This had prompted him to appreciate "the need for speaking in a way that enables people to be with Jesus Christ in their daily life. . . Frankly, most bishops and clergy and other people do that much better than I do."

In 2002, Bishop Welby was made a Canon of Coventry Cathedral, where he joined the reconciliation work based there. In 2005, he was made Sub-Dean of Coventry Cathedral, and was also, for a time, Priest-in-Charge of Holy Trinity, Coventry.

With Canon Andrew White and Canon Stephen Davies, he worked extensively in Africa and the Middle East. In the Niger Delta, his reconciliation work led to encounters with armed groups. He told a newspaper this year that "it looked like I was going to get killed" on three occasions.

"I have sat down with murderers in Burundi," he said. "I even liked the bloke, though I knew he had killed tens of thousands of people. And you go away horrified that you like them."

On Friday, Canon White, now Anglican Chaplain in Iraq, said it was a "great privilege" to have had Bishop Welby, a "great and wonderful man of God", as "my closest colleague ever. . . The Anglican Communion is in for a very exciting time."

Bishop Welby was installed as Dean of Liverpool on 8 December 2007. Canon Anthony Hawley, who served at Liverpool Cathedral from 2002 until his retirement last year, said last week: "I quail for anybody who takes on the job [of Archbishop of Canterbury], but I'm sure he is the right man for the job."

He recalled Bishop Welby's hosting a Trades Union Congress rally against cuts, which "some might have thought risky". While he was there, the cathedral adopted a mission statement that included the phrase "a safe base to do risky things in Christ's service".

In 2009, the Church Times reported that Bishop Welby had agreed that "Imagine" by John Lennon could be rung on the cathedral bells (News, 22 May, 2009). As a result, he was accused of being the Antichrist in emails from around the globe.

Bishop Welby was, Canon Hawley said, "somebody who is not afraid to grasp the nettle and tackle difficult issues - conciliatory but a tough cookie". A "very deep Christian man" who went jogging first thing in the morning before reading his Bible and saying his prayers, Bishop Welby was also "hugely approachable" with a "delightful sense of humour".

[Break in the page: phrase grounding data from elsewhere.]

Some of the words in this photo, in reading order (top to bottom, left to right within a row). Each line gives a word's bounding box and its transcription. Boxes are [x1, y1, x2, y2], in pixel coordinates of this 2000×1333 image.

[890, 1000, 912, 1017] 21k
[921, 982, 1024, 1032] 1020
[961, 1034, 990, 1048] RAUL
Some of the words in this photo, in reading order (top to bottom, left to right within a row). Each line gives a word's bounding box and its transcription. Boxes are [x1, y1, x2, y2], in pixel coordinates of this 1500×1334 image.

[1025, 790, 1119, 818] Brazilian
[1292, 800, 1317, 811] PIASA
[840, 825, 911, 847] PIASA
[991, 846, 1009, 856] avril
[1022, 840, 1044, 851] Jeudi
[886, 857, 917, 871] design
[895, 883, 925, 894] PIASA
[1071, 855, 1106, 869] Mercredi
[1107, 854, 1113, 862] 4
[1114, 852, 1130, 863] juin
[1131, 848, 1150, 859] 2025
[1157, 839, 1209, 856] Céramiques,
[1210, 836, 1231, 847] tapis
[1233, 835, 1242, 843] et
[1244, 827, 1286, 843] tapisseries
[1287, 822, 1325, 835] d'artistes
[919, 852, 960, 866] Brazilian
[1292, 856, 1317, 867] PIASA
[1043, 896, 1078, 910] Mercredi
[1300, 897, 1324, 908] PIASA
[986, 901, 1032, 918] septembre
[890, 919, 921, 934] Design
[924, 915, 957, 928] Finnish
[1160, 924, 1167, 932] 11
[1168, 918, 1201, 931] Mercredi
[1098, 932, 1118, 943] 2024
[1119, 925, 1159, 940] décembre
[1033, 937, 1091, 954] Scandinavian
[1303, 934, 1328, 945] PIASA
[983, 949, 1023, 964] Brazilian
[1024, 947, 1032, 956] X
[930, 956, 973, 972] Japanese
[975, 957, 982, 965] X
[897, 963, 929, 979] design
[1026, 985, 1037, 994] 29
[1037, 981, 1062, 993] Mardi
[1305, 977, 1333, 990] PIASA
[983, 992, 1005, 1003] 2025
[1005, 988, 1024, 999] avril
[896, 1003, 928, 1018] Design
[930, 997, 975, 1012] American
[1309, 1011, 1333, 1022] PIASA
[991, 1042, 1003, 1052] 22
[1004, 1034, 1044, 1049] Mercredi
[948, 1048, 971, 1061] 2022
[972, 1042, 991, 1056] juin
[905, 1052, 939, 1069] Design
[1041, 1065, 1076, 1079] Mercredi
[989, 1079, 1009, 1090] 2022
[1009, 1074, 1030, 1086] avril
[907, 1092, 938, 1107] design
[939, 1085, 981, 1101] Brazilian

It was revealed last week that Bishop Welby's staff is topped by a carving of a rock badger. It was presented to him as a leaving gift by the congregation of Liverpool Cathedral to remind him of a sermon he preached on Leviticus, in which a reference to the creature induced in him a fit of giggles.

On 2 June 2011, Bishop Welby was announced as the new Bishop of Durham, succeeding Dr Tom Wright. In his short time there, he secured the future of Bishop Auckland Castle and its prized Zurbarán paintings, in a deal with the financier David Ruffer. He also started to address poor church attendance in the diocese, as well as some of the social problems in the North East.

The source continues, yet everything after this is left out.